[EXERCISE PROMPT]: Exactly as they appear, output all of the records. Skip any images.

[TASK INPUTS]:
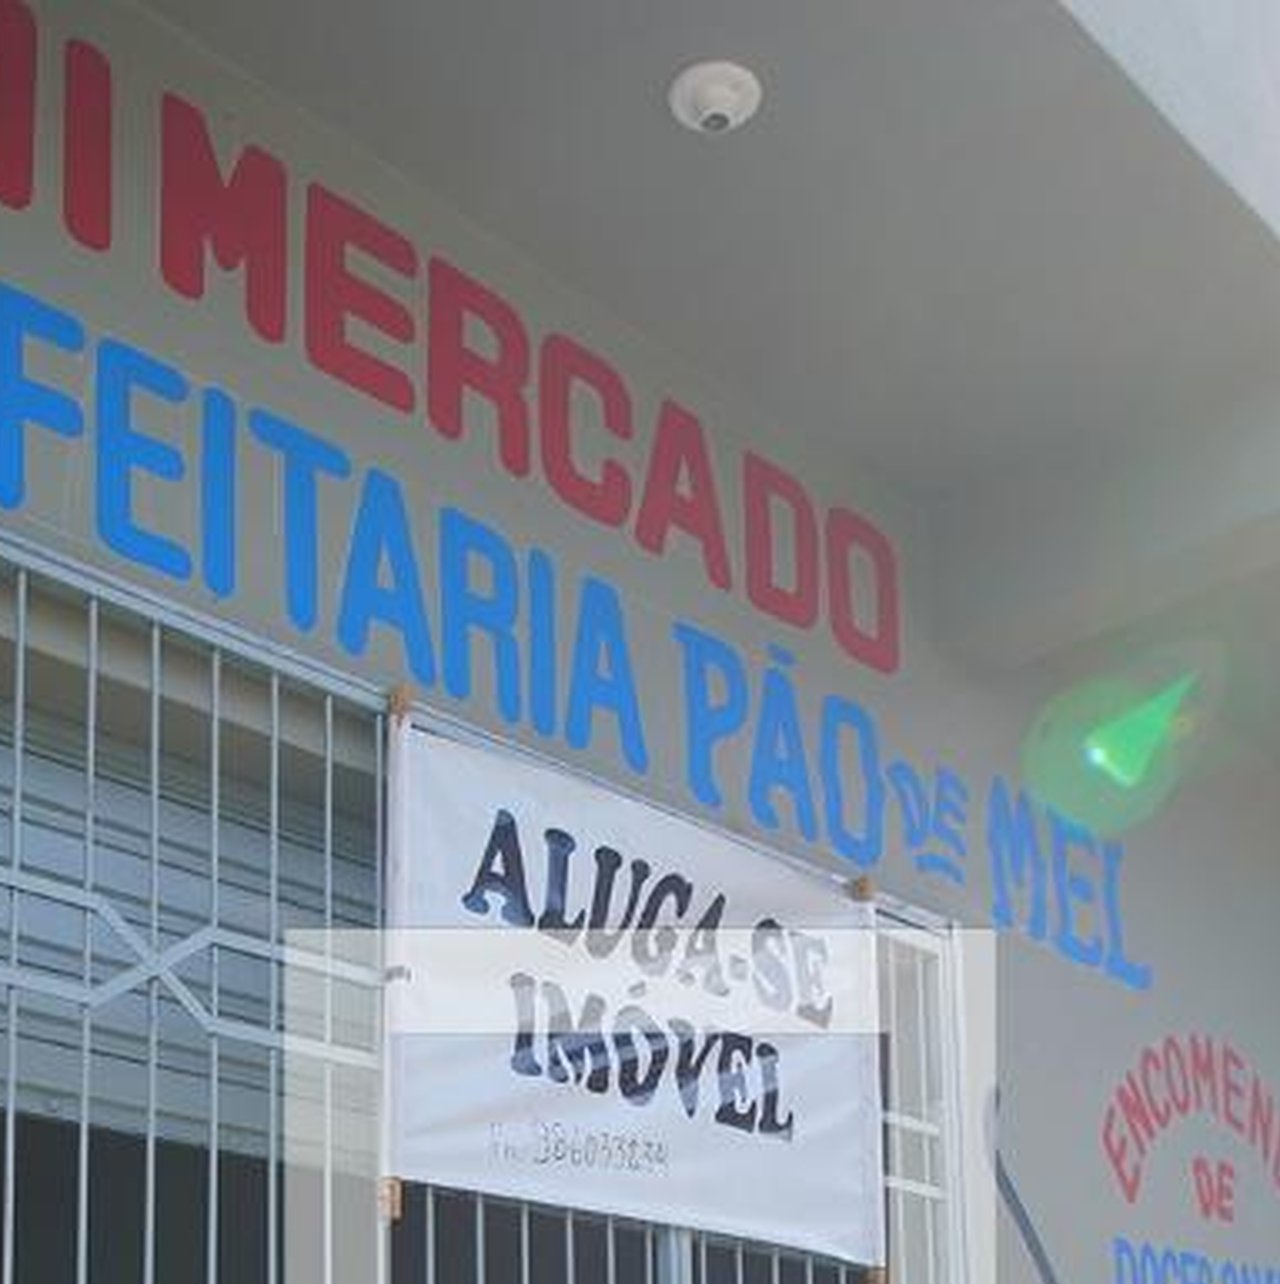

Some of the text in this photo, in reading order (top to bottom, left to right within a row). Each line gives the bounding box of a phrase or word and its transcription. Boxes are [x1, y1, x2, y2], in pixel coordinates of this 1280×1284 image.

[160, 93, 900, 675] MERCADO
[671, 620, 886, 869] PÃO
[884, 760, 966, 858] DE
[986, 773, 1154, 990] MEL
[462, 808, 834, 1029] ALUGA-SE
[508, 968, 794, 1142] IMÓVEL
[1192, 1155, 1235, 1222] DE
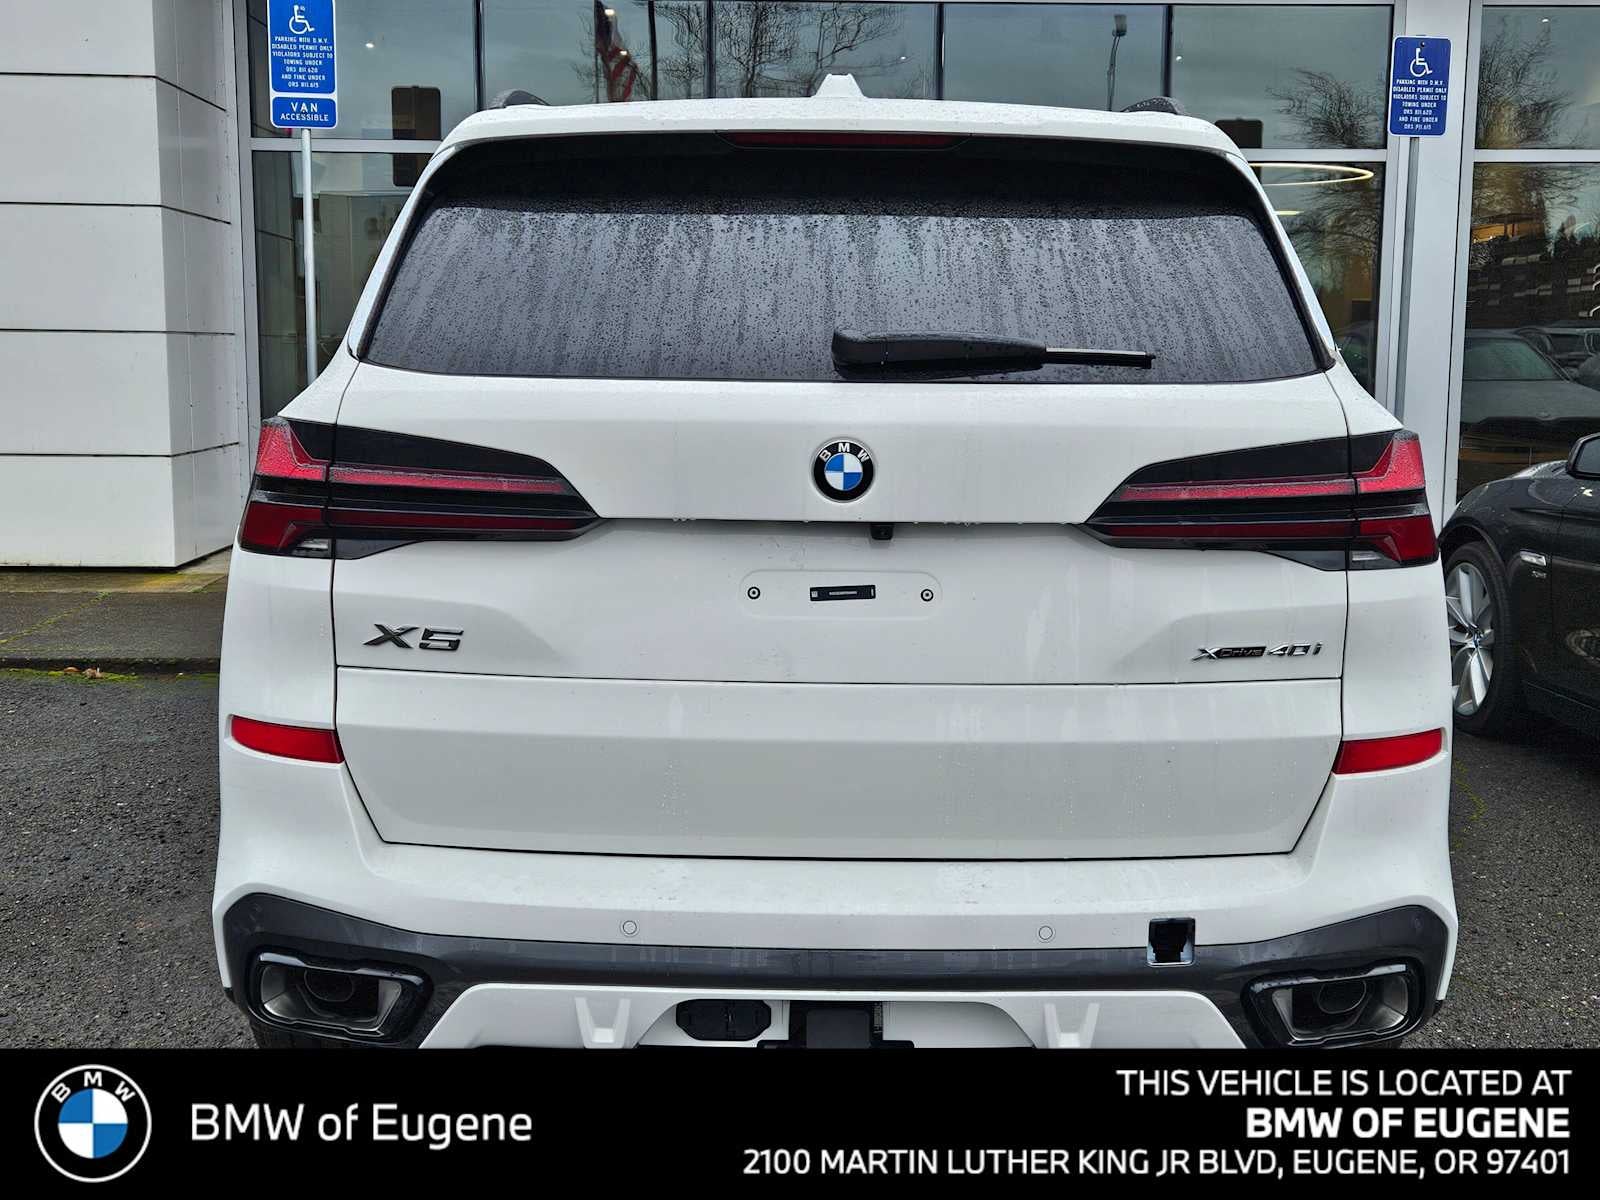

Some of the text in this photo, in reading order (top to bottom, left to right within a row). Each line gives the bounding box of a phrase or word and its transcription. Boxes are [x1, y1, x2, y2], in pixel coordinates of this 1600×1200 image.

[291, 102, 318, 112] VAN
[280, 113, 328, 121] ACCESSIBLE
[819, 443, 869, 462] BMW
[363, 624, 464, 651] X5

[WORKED SOLUTION]:
Some of the text in this photo, in reading order (top to bottom, left to right within a row). Each line gives the bounding box of a phrase or word and its transcription. Boxes are [x1, y1, x2, y2], in pixel coordinates of this 1280×1284 image.

[160, 93, 900, 675] MERCADO
[671, 620, 886, 869] PÃO
[884, 760, 966, 858] DE
[986, 773, 1154, 990] MEL
[462, 808, 834, 1029] ALUGA-SE
[508, 968, 794, 1142] IMÓVEL
[1192, 1155, 1235, 1222] DE

Some of the text in this photo, in reading order (top to bottom, left to right within a row). Each line gives the bounding box of a phrase or word and its transcription. Boxes are [x1, y1, x2, y2], in pixel coordinates of this 1600×1200 image.

[291, 102, 318, 112] VAN
[280, 113, 328, 121] ACCESSIBLE
[819, 443, 869, 462] BMW
[363, 624, 464, 651] X5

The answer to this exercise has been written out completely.